#### The data
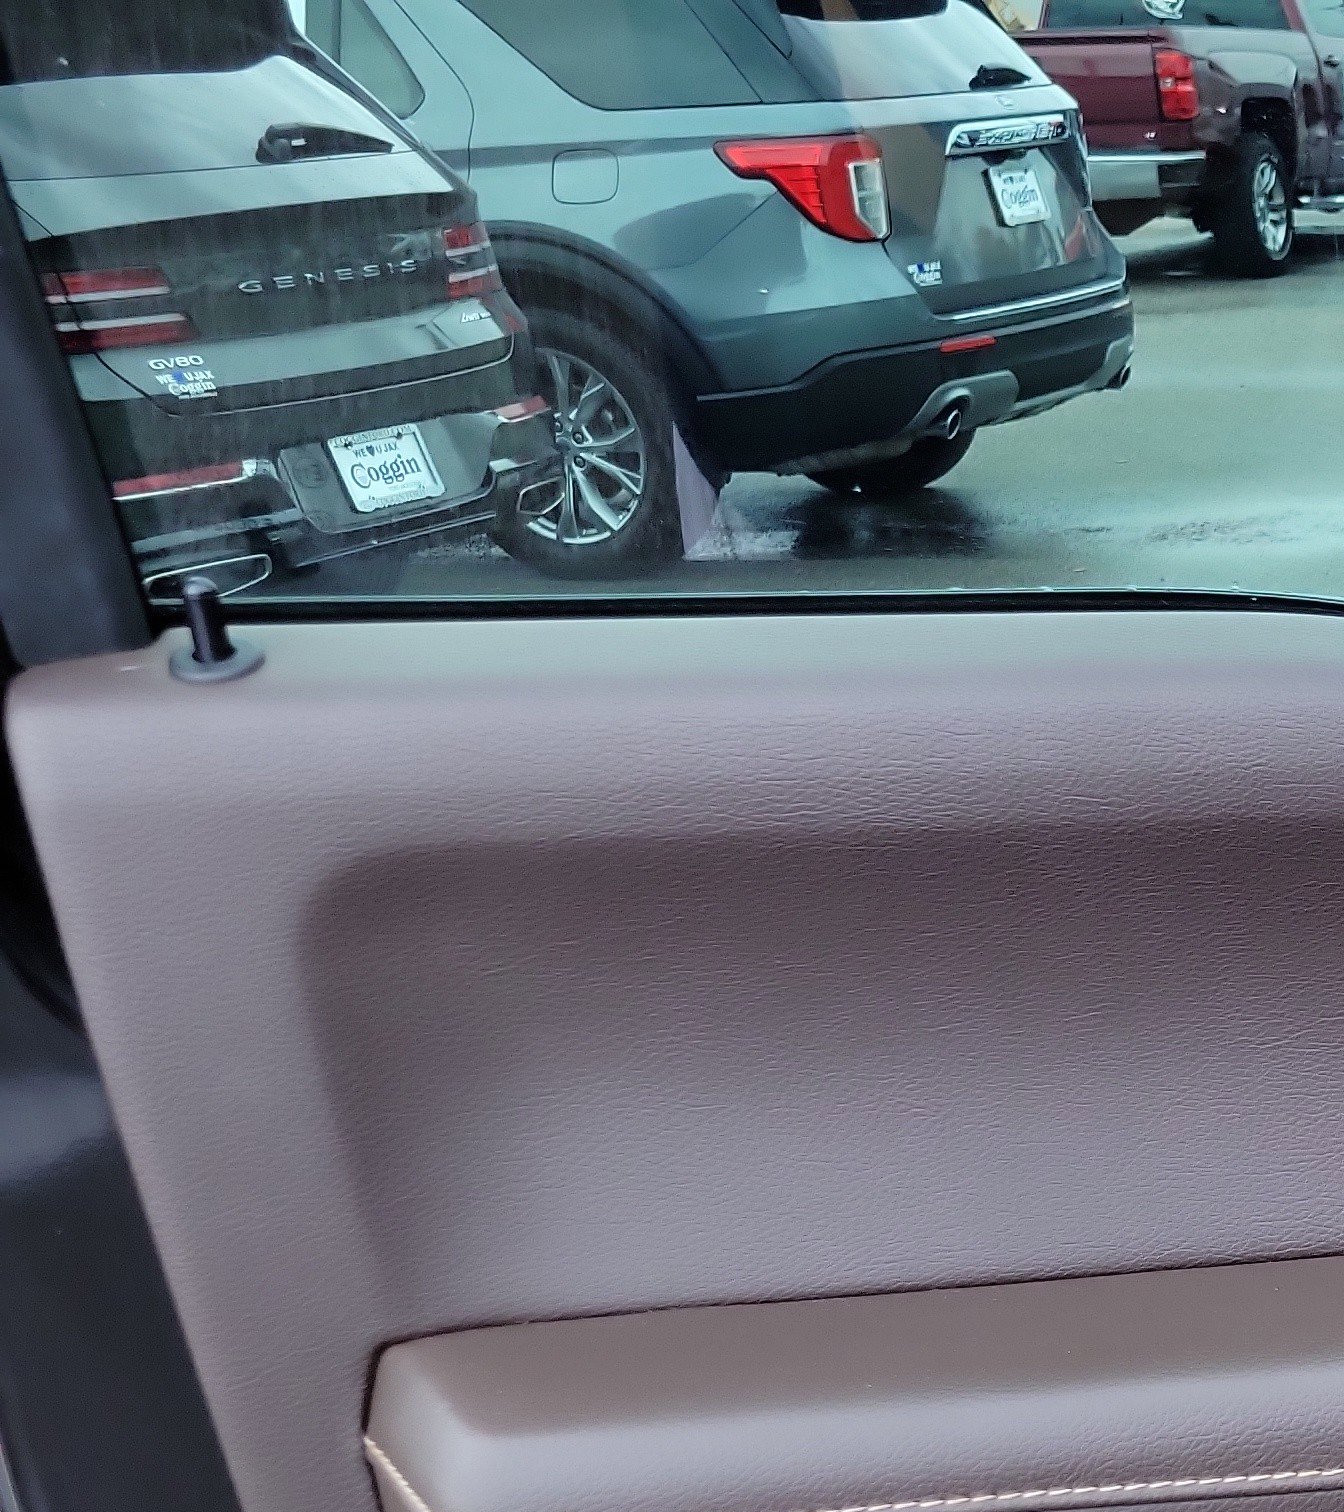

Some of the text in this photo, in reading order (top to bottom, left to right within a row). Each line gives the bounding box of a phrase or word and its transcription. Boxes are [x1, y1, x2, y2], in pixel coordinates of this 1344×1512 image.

[238, 259, 417, 293] GENESIS
[148, 355, 204, 370] GV80
[352, 447, 368, 459] WE
[350, 453, 423, 489] Coggin

#### What you have to do
With the pictures removed, the entries above should be transcribed exactly.

#### Task solution
Some of the text in this photo, in reading order (top to bottom, left to right within a row). Each line gives the bounding box of a phrase or word and its transcription. Boxes are [x1, y1, x2, y2], in pixel coordinates of this 1344×1512 image.

[238, 259, 417, 293] GENESIS
[148, 355, 204, 370] GV80
[352, 447, 368, 459] WE
[350, 453, 423, 489] Coggin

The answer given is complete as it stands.